:: EXTRACTED ENTRIES

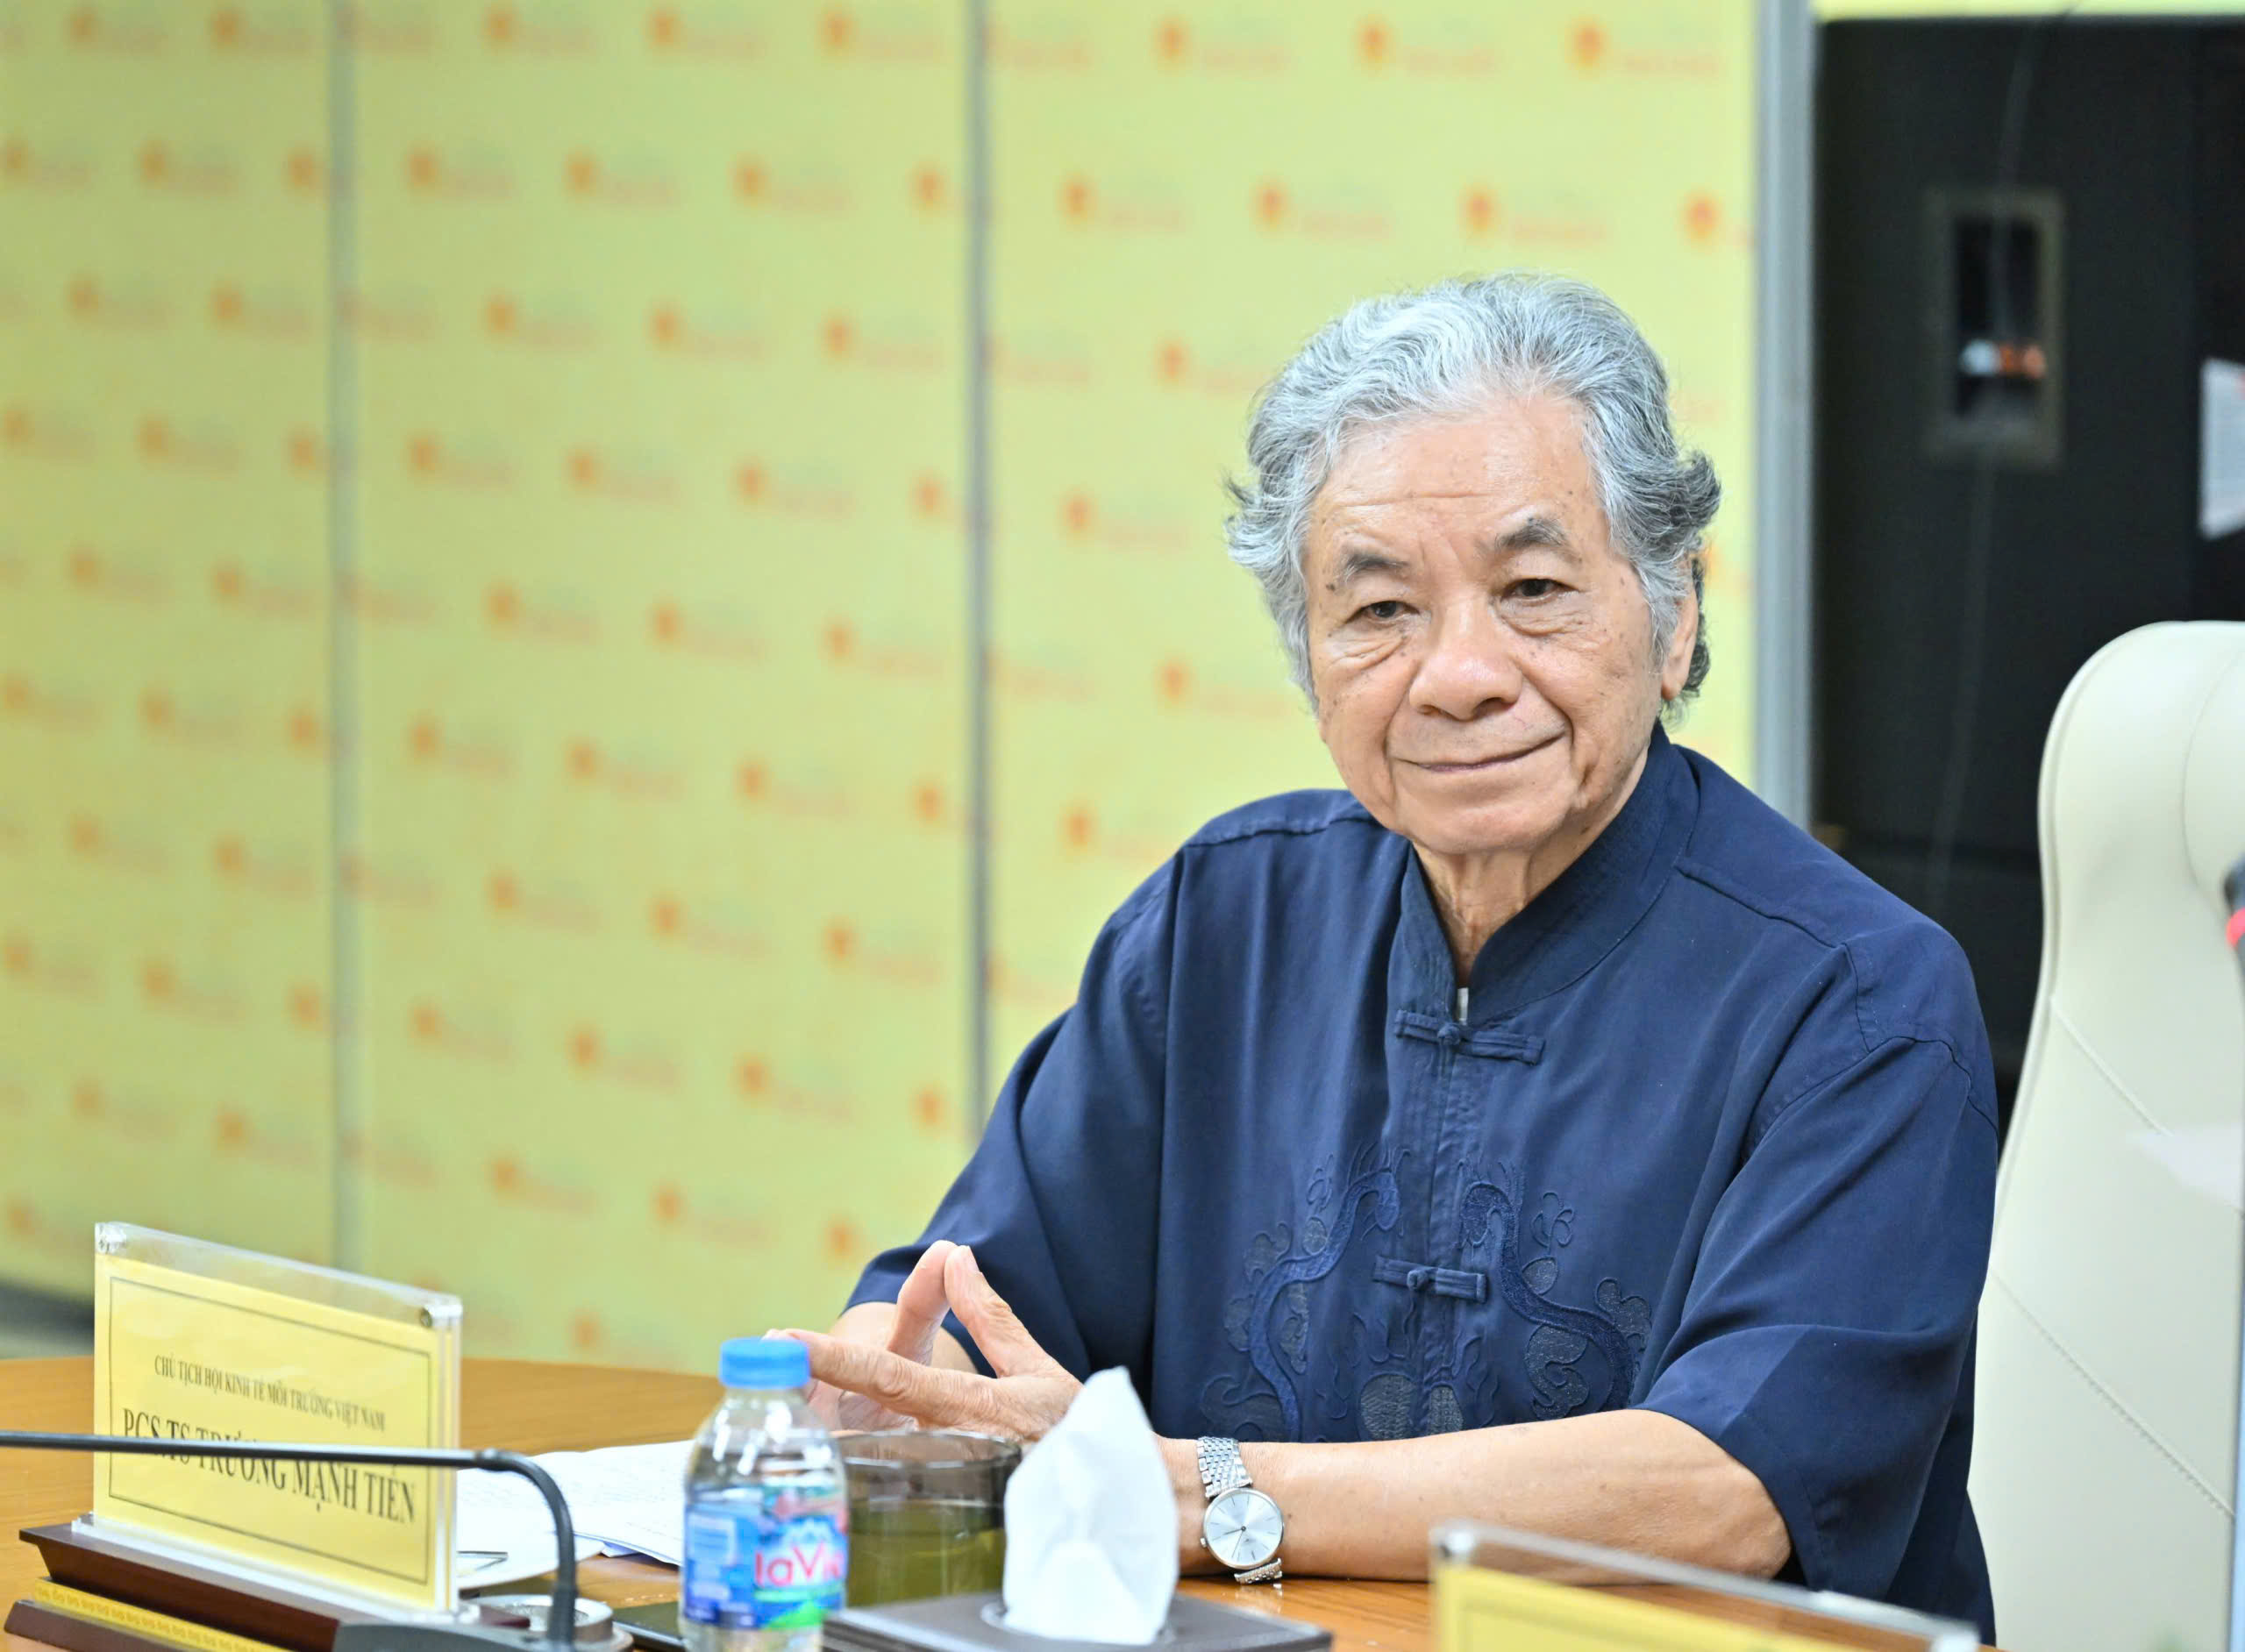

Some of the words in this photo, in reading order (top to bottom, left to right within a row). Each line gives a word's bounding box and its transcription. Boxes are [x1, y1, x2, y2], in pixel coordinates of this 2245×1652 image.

[178, 1360, 202, 1387] TỊCH
[225, 1372, 249, 1399] KINH
[360, 1406, 385, 1432] NAM
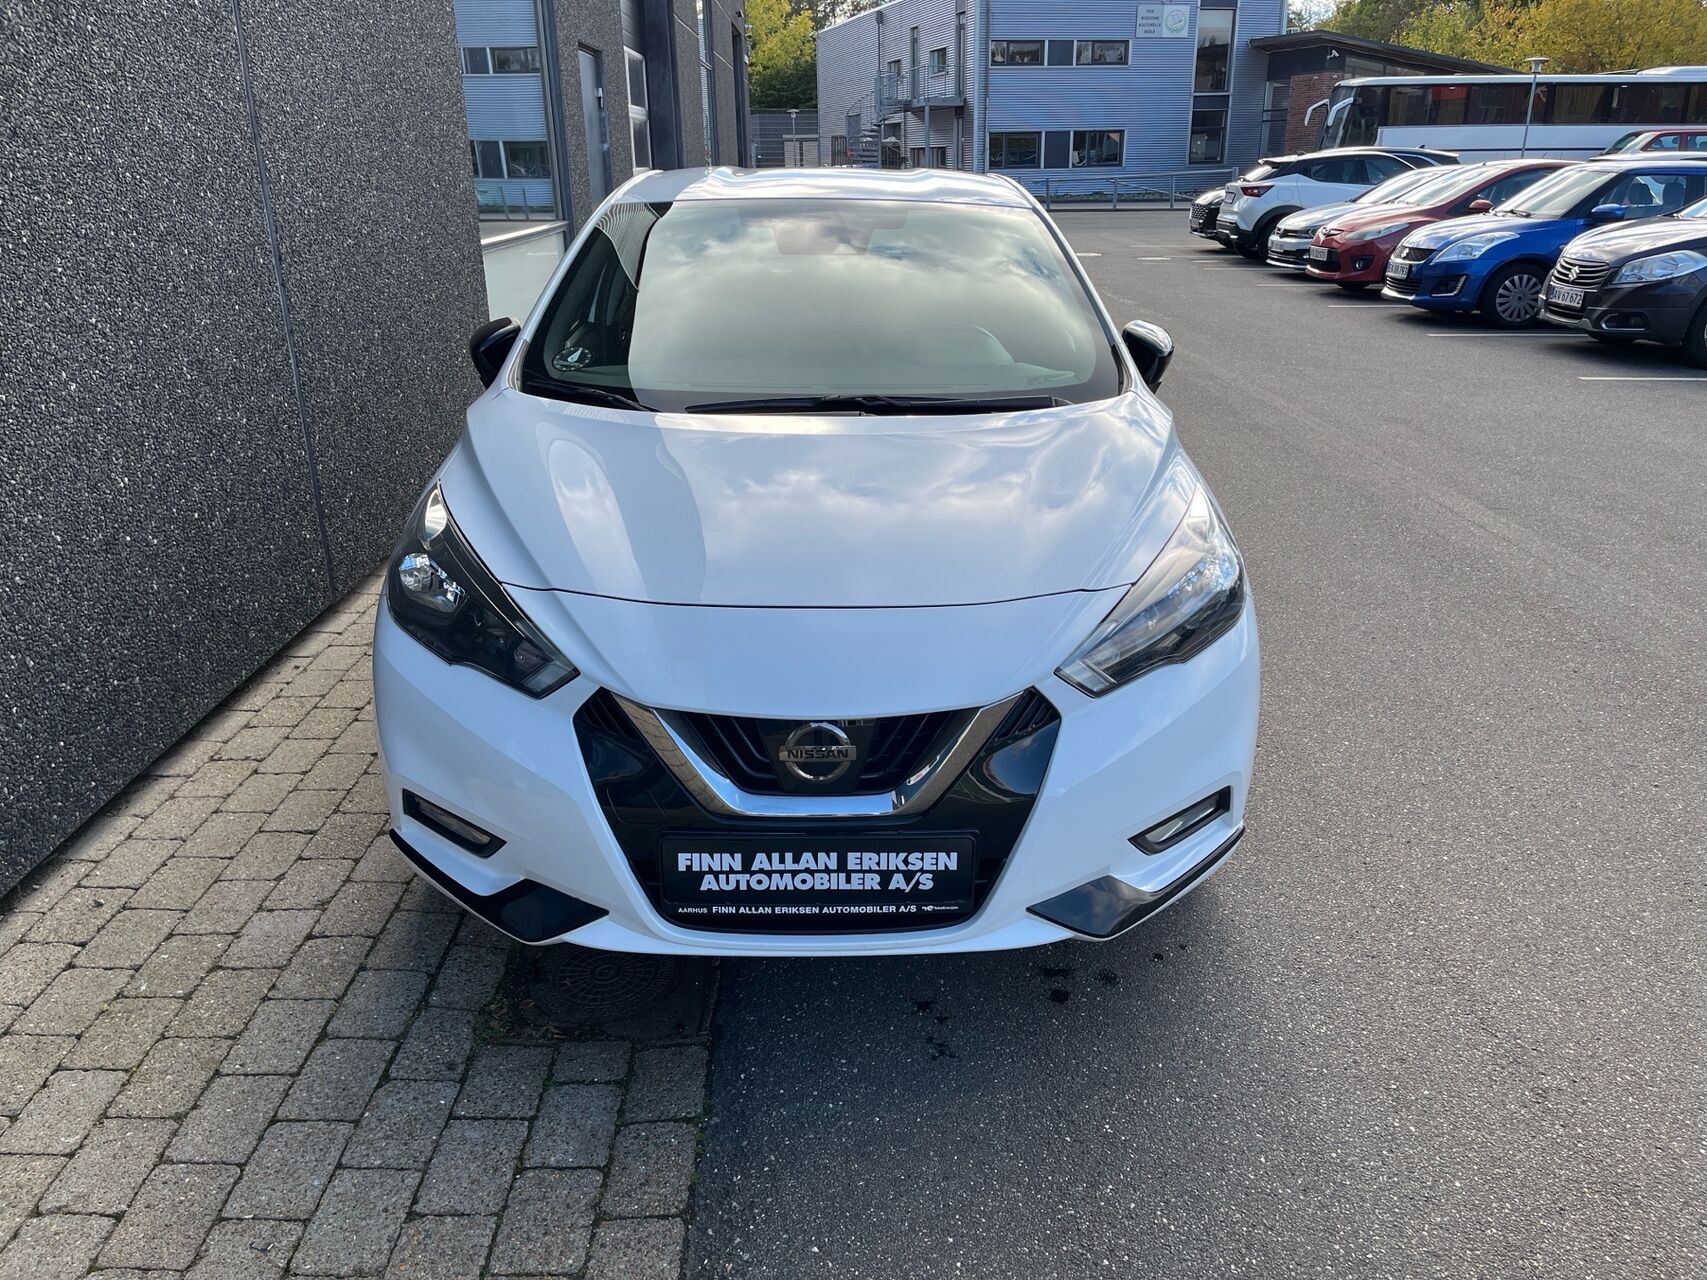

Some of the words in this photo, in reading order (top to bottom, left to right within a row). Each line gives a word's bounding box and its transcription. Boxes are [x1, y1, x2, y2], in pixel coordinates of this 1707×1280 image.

[787, 748, 849, 760] NISSAN
[678, 853, 742, 871] FINN
[751, 852, 838, 871] ALLAN
[847, 852, 958, 871] ERIKSEN
[700, 873, 881, 891] AUTOMOBILER
[888, 872, 934, 893] A/S
[712, 906, 736, 914] FINN
[739, 906, 772, 914] ALLAN
[775, 906, 819, 914] ERIKSEN
[822, 905, 896, 914] AUTOMOBILER
[899, 905, 917, 913] A/S
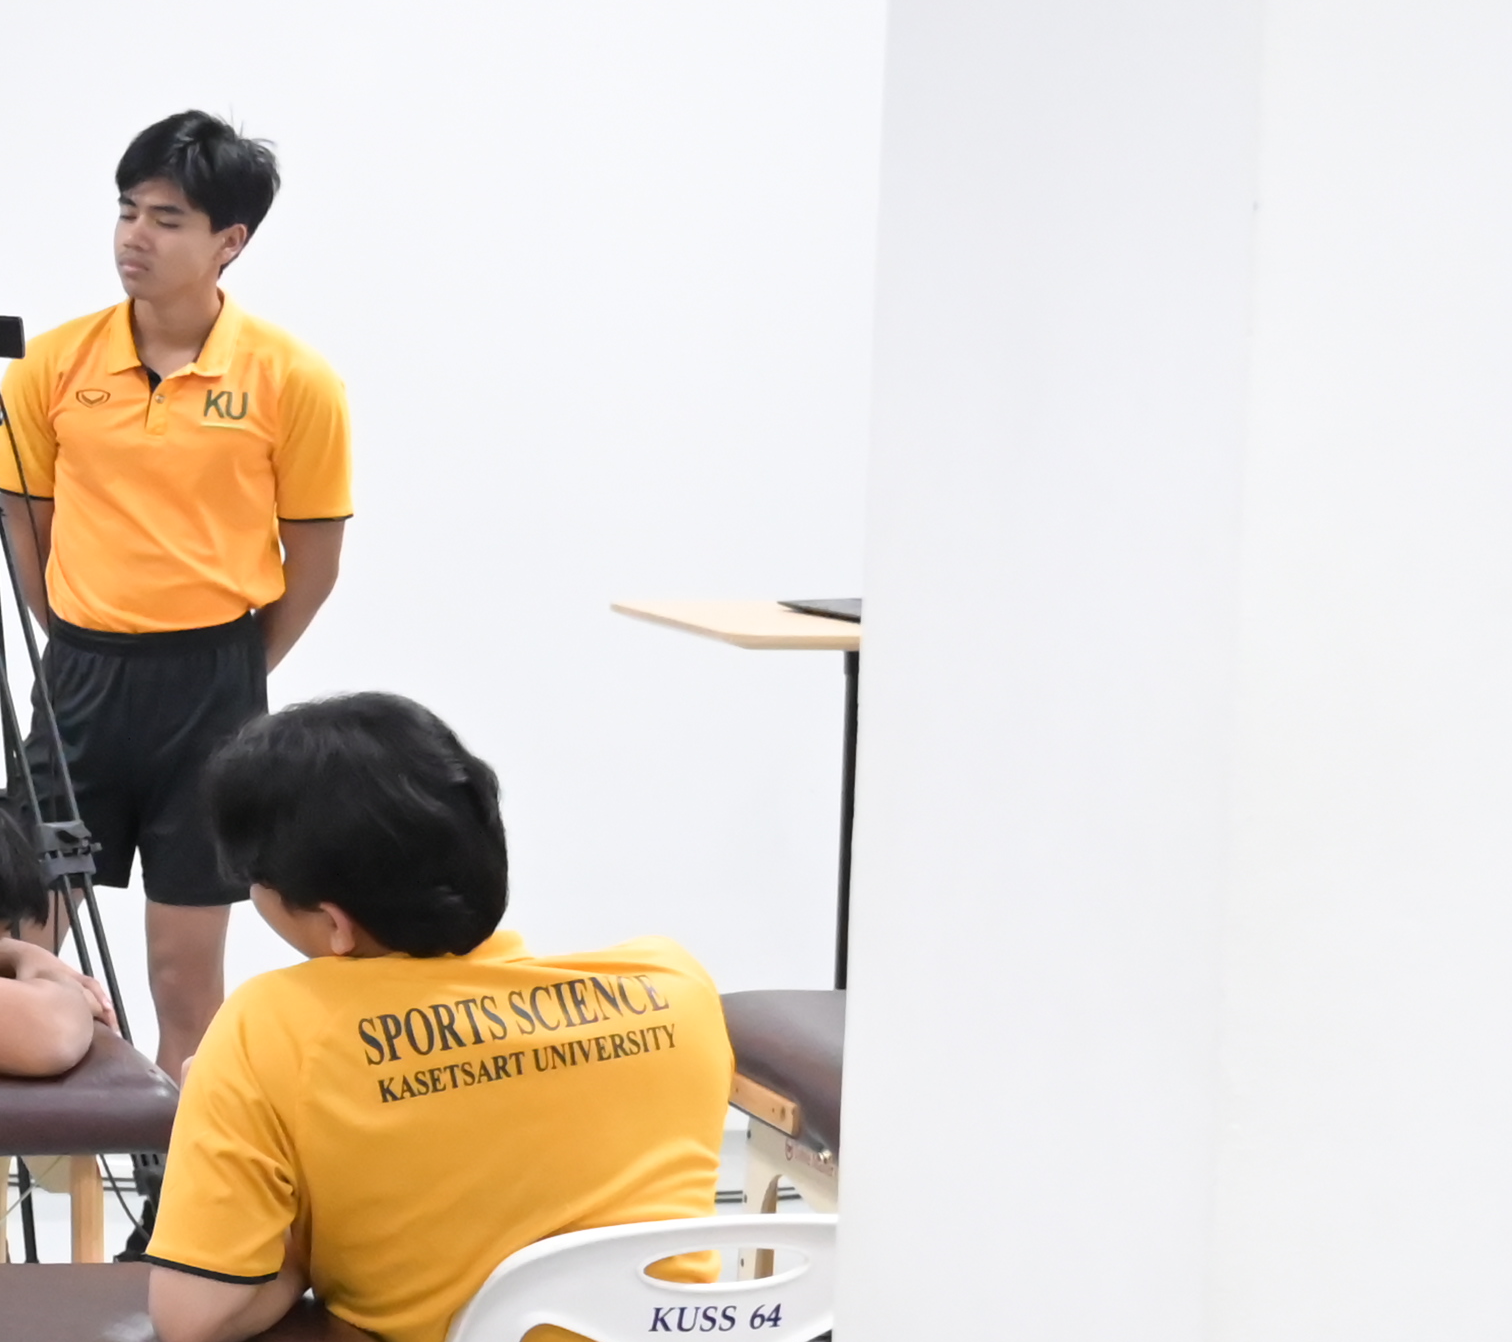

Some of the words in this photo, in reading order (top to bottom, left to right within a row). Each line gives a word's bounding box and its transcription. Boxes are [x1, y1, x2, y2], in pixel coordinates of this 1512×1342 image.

::::

Images in the records must not be repeated; everything else should be returned exactly.

**TASK OUTPUT**
Some of the words in this photo, in reading order (top to bottom, left to right within a row). Each line gives a word's bounding box and its transcription. Boxes are [x1, y1, x2, y2], in pixel coordinates of this 2245×1652 image.

[178, 1360, 202, 1387] TỊCH
[225, 1372, 249, 1399] KINH
[360, 1406, 385, 1432] NAM

Some of the words in this photo, in reading order (top to bottom, left to right within a row). Each line gives a word's bounding box and its transcription. Boxes are [x1, y1, x2, y2], in pixel coordinates of this 1707×1280 image.

[787, 748, 849, 760] NISSAN
[678, 853, 742, 871] FINN
[751, 852, 838, 871] ALLAN
[847, 852, 958, 871] ERIKSEN
[700, 873, 881, 891] AUTOMOBILER
[888, 872, 934, 893] A/S
[712, 906, 736, 914] FINN
[739, 906, 772, 914] ALLAN
[775, 906, 819, 914] ERIKSEN
[822, 905, 896, 914] AUTOMOBILER
[899, 905, 917, 913] A/S

Some of the words in this photo, in reading order (top to bottom, left to right within a row). Each line gives a word's bounding box and its transcription. Boxes are [x1, y1, x2, y2], in pixel coordinates of this 1512×1342 image.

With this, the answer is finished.